Ей казалось, что это пианино само умеет играть хорошую музыку, а ей лишь останется положить пальцы на клавиатуру. В сгущающихся сумерках высокий, нескладный силуэт пианино был едва различим, но Лоретта смотрела на него не отрываясь, пока у нее за спиной не столпились мальчишки.

— Эй, коты! — забыв о погоне, окликнул их Джетро. — А чего это вы тут делаете? Собираетесь в церковь спасать свои душонки?

— Церковь слиняла, дядя, — ответил Улисс. — Дом пустой.

— Вот бы где устроиться на зиму, — задумчиво произнес Дэвид.

— В церкви? — брезгливо поморщился Джетро. — Нет, в церковь вы меня не заманите!

— Это уже не церковь, — возразил ему Фесс. — Это обычное здание.

— Там даже есть пианино, — сообщила Лоретта. — Вы могли бы петь свои любимые песни, а я бы вам подыграла.
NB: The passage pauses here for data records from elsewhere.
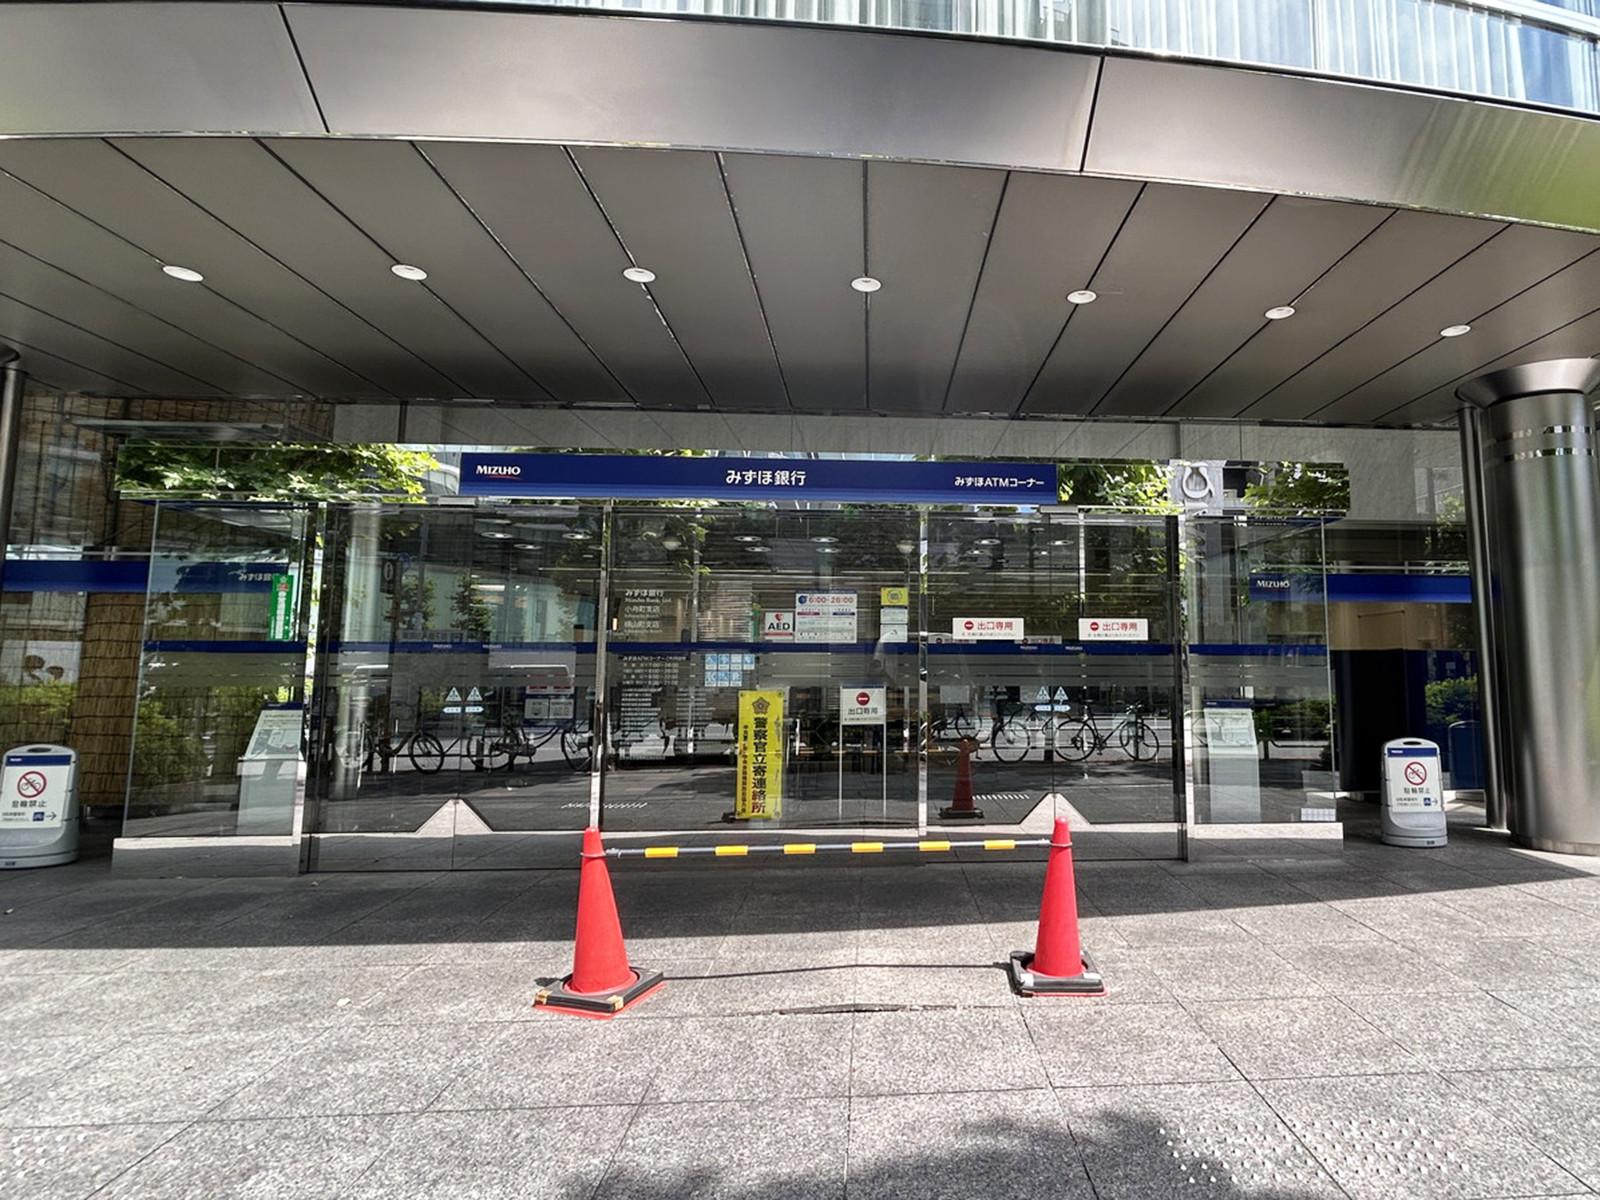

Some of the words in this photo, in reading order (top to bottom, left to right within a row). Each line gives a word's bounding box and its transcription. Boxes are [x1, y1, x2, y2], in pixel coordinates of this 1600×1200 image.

[476, 465, 521, 476] MIZUHO
[725, 469, 806, 486] みずほ銀行
[954, 476, 1045, 487] みずほATMコーナー
[1256, 580, 1290, 588] MIZUHO
[768, 622, 790, 631] AED
[977, 621, 1013, 631] 出口専用
[1102, 622, 1138, 631] 出口専用
[848, 707, 878, 715] 出口専用
[752, 717, 768, 814] 警察官立寄連絡所
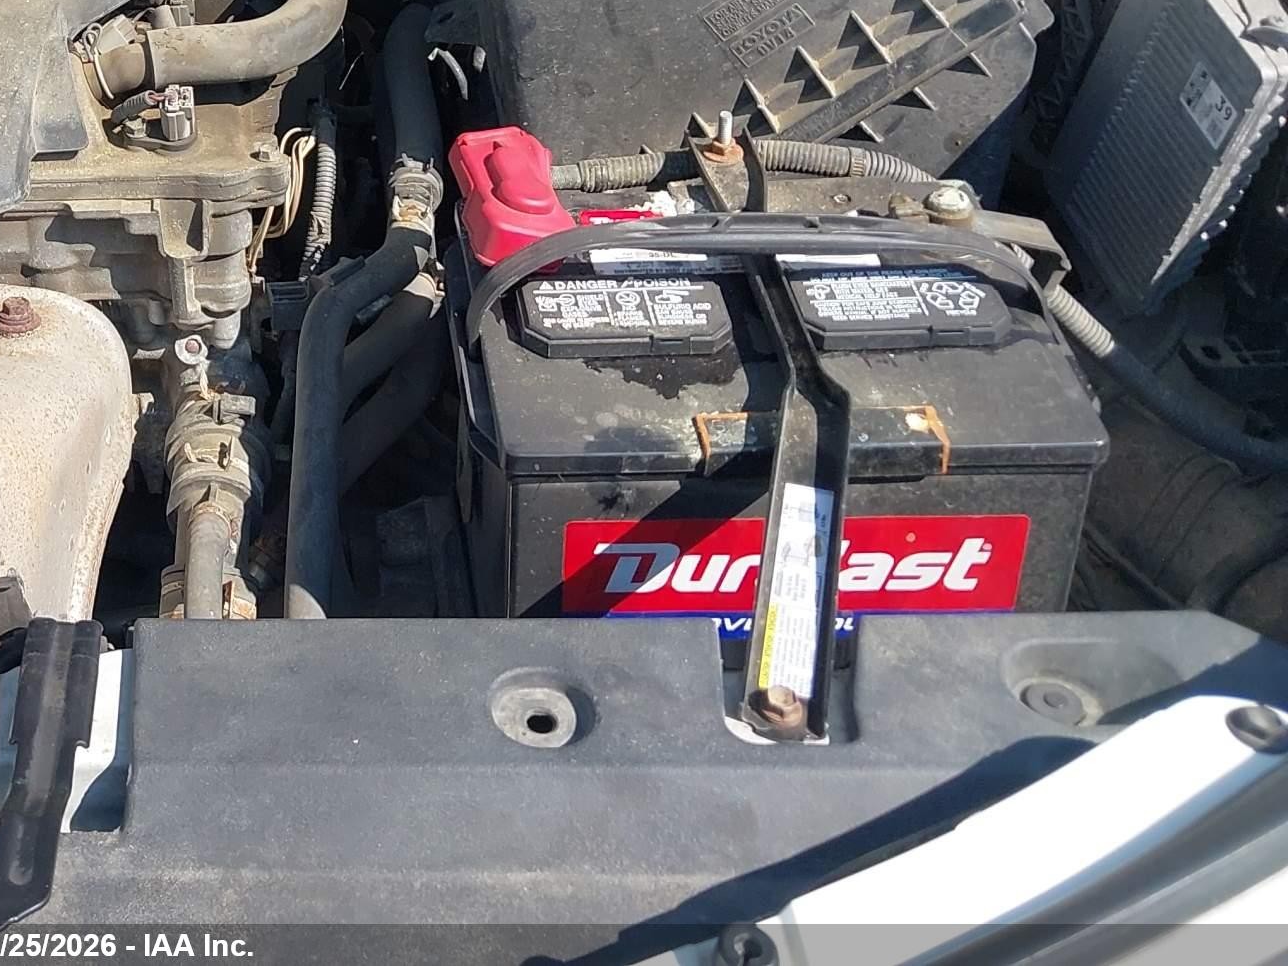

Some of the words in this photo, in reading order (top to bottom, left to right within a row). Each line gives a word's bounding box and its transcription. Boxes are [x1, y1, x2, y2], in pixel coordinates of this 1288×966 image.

[733, 6, 803, 54] TOYOTA
[555, 280, 618, 290] DANGER
[594, 537, 992, 592] Durast
— Не надо! Ты бы играла одни молитвы, — снова поморщился Джетро. — Что я вас, девок, не знаю, что ли? Вы только и умеете играть церковную музыку. Хотя вряд ли это пианино может выдать что-нибудь другое.

— А чем тебе не нравится церковная музыка? — спросил Фесс, к удивлению Лоретты, неожиданно приходя ей на помощь.
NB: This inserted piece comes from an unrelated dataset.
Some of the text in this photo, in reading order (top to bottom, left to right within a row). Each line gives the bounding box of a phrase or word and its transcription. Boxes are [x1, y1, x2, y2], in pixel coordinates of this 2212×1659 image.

— Только обыватели считают, — продолжал Фесс, — что музыка должна быть такой, какую мы привыкли слышать вокруг себя, или это не музыка. Но тот, кто действительно разбирается в музыке, знает, что существует совершенно особая музыка, называемая «душой», и она рождается именно в церкви.

— Нормально! — воскликнул Джетро. — Хотел бы я послушать этой самой душевной музыки.
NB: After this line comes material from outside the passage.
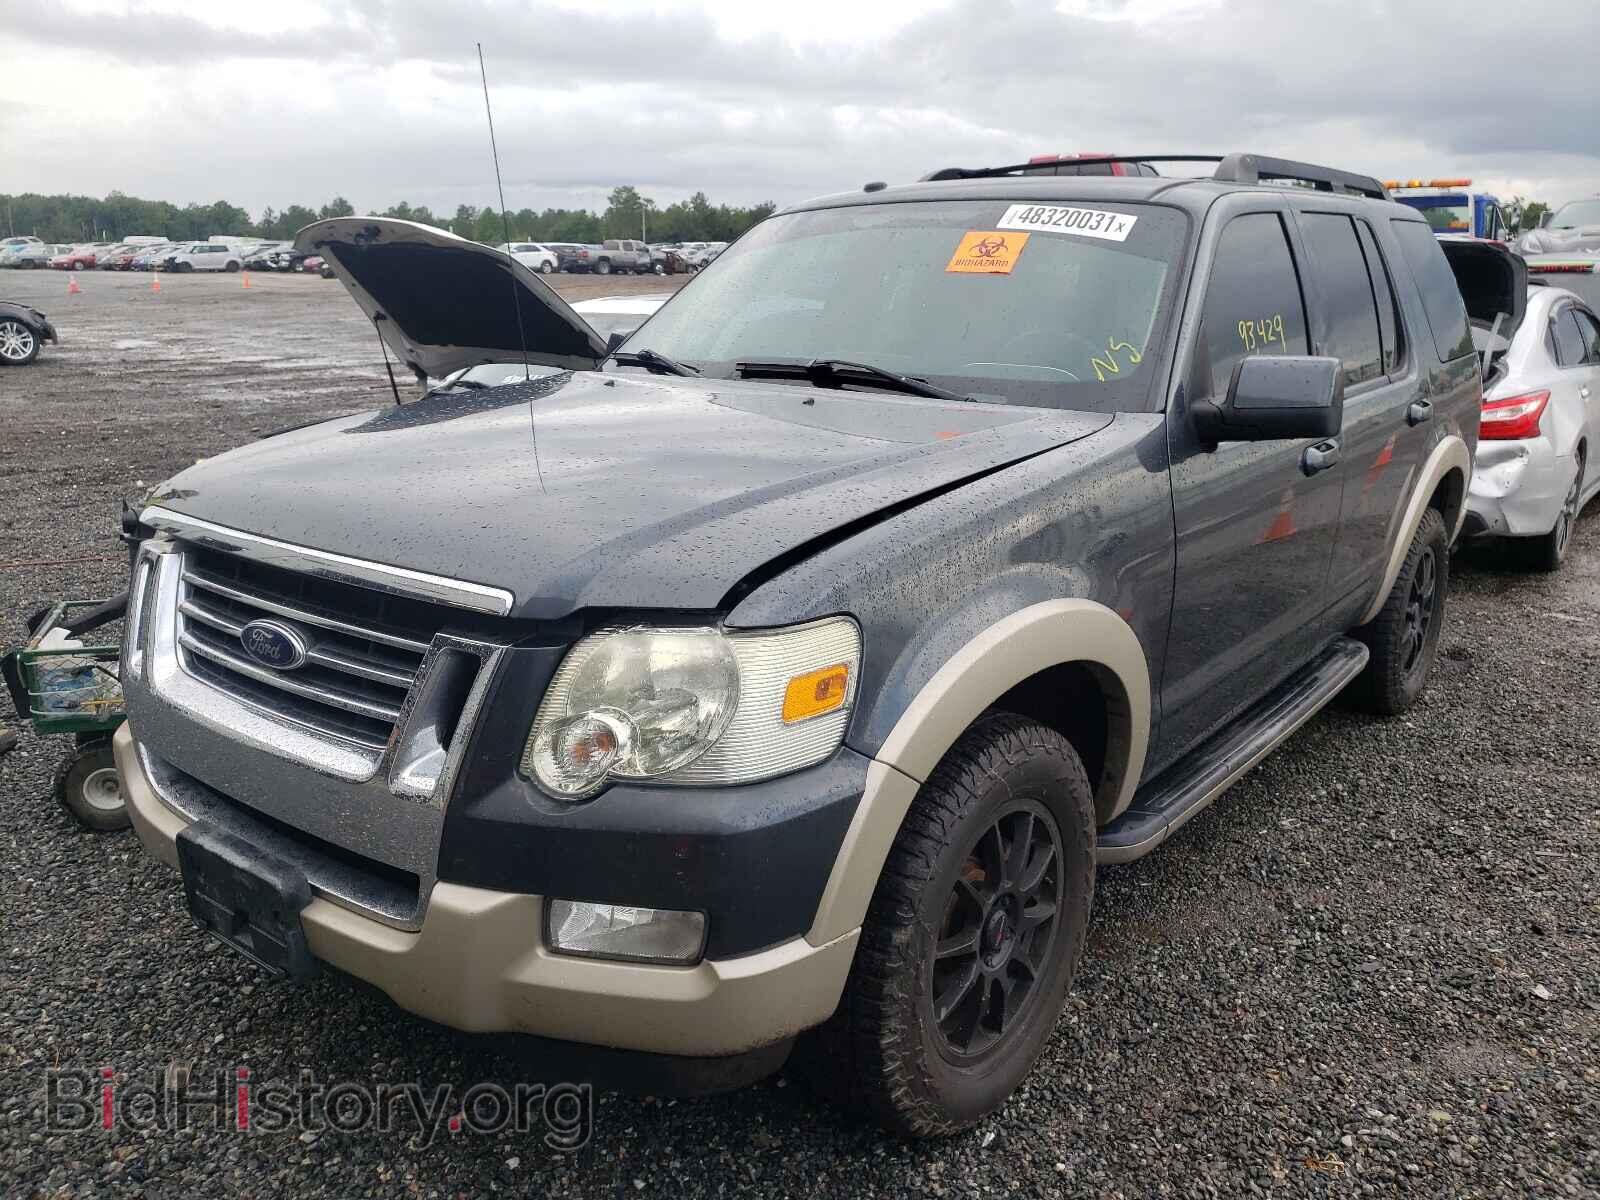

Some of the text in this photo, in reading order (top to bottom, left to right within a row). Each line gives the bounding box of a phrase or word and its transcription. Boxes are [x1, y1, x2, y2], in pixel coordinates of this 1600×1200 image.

[954, 257, 1009, 268] BIOHAZARD
[1238, 314, 1286, 353] 93429
[248, 628, 282, 660] Ford
— Для этого тебе придется пойти в церковь, — строго заметила ему Лоретта, радуясь, что нашла способ отомстить Джетро.

Лореттино торжество было нарушено ударами молотка о церковную дверь. Удары длились недолго. Человек, забивавший гвозди, скоро перестал стучать молотком и вернулся к своей машине, а ребята прочли объявление:

СДАЮТСЯ

ЧЕТЫРЕ КОМНАТЫ И ЛАВКА

ВЕЙНСТЕЙН

RA 3-6200

Настроение у ребят тут же упало, а от прежнего оживления не осталось и следа.

— Все, накрылась наша штаб-квартира, — угрюмо произнес Улисс. — Откуда у нас на нее деньги?

— А что, старик, клевая была идея, — вздохнул Дэвид.

— Да пошли вы к черту! — нетерпеливо выкрикнул Джетро. — Только и знаете, ей-богу, что трепать языком и строить красивые планы… А где же действия?!

Совиное лицо новенького было крайне серьезным.

— Если этот дом нужен нам для штаб-квартиры, — заявил он, — нам надо просто взять его. С какой стати мы должны платить этому мужику арендную плату? Не мы ему, а он нам должен. Он наверняка уже успел нажиться на нашем брате.

— Нормально! — согласился с ним Джетро. — Может, нам удастся залезть с другой стороны. Пойду гляну. — Он тут же исчез за углом.

Слова Фесса и реакция на них Джетро обеспокоили Лоретту. Саутсайдские мальчишки, в особенности такие беспокойные, как Джетро, постоянно жаждали действия и по малейшему поводу готовы были пуститься на авантюру, даже если это вело к нарушению закона. Похоже, Фесс только что дал им такой повод к правонарушению, и не пустячному, как игра «в номера», а к серьезному и опасному, подумала Лоретта.

— Может быть, нам все-таки удастся достать денег… где-нибудь, — предположила она, обращаясь к Фессу, который продолжал хмуриться. — А иначе никак нельзя!

— Твоими устами глаголет невежество, сестричка, — ответил ей Фесс. — Тебе надо приобщиться к учению. Чувствую, мне придется тобой заняться.

Задетая его высокомерием, Лоретта повернулась к Фессу спиной. «Заниматься» с ним она вовсе не собиралась.

— Там сзади два окна, но на них решетки. Похоже, ни фига у нас не выйдет, — с сожалением доложил Джетро, вернувшись из разведки.

Ребята были разочарованы, но Лоретта почувствовала облегчение. Она заторопилась домой, так как стало уже совсем темно и Лоретта опаздывала к ужину.